Which paragraph provides a context for the overall essay?





Which paragraph states the case of the essay?





Which paragraph outlines the structure of the essay?





Which paragraph should come first?





Check your answers

Paragraph 1 states the case this essay will make but at the same time as it outlines the structure of the essay.

Paragraph 2 contextualises the discussion.

If you are providing a context, it is helpful to do this first. The paragraphs are better ordered as follows:

Civil liberties are an essential part of a healthy democracy. The guaranteeing of certain rights and privileges not only protects citizens from the tendency of government to intrude too far into the affairs of individuals, but it also protects conditions necessary for the full development of individuals. Therefore the protection of civil liberties is important for the maintenance of democracy. If they are not adequately protected, democracy is put in danger.
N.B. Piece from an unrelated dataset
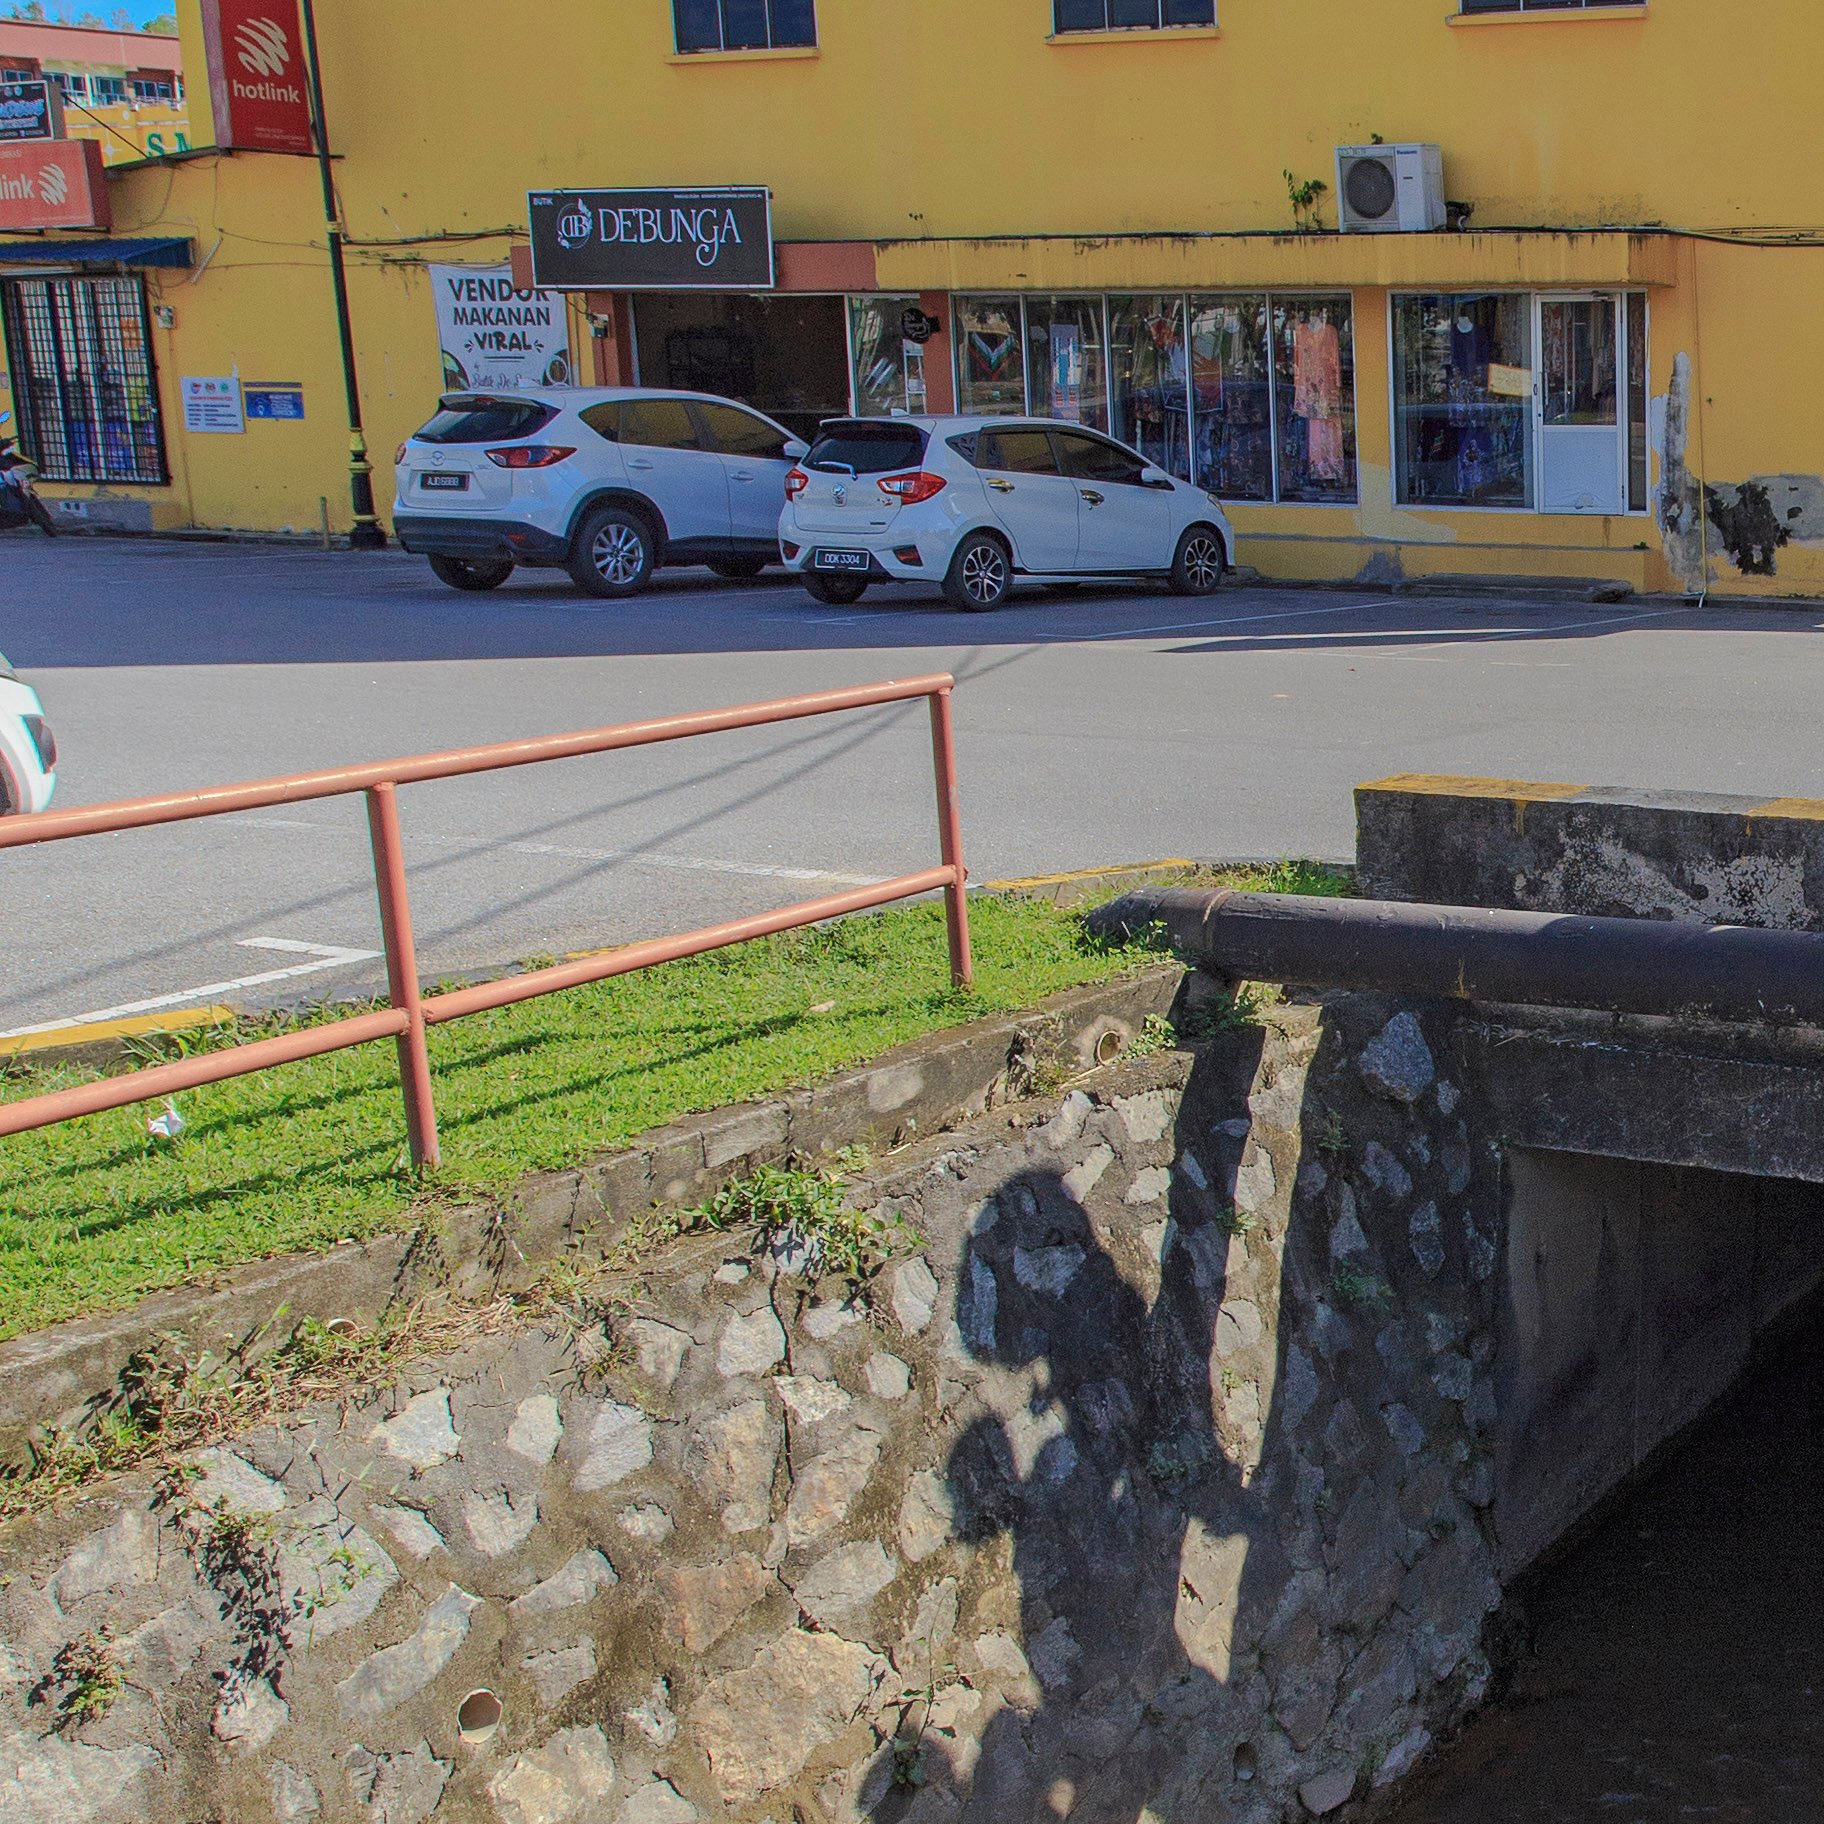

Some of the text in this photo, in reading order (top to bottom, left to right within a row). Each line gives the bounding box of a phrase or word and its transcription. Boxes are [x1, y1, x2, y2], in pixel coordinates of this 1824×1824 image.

This essay is concerned with the protection of the 'freedom of speech'. It will first of all clarify what is meant by 'freedom of speech', demonstrate its importance, and then show its current protection under law. It will then argue that current law is too restrictive, as it protects the powerful from disclosing to the public information that it is in the public's interests to know. In effect, such law discriminates in favour of the powerful. It will be argued that this is against the interests of democracy and therefore the law needs to be changed. Areas of change will be suggested.

Note: There is no separate paragraph indicating the scope of this essay. It is not necessary.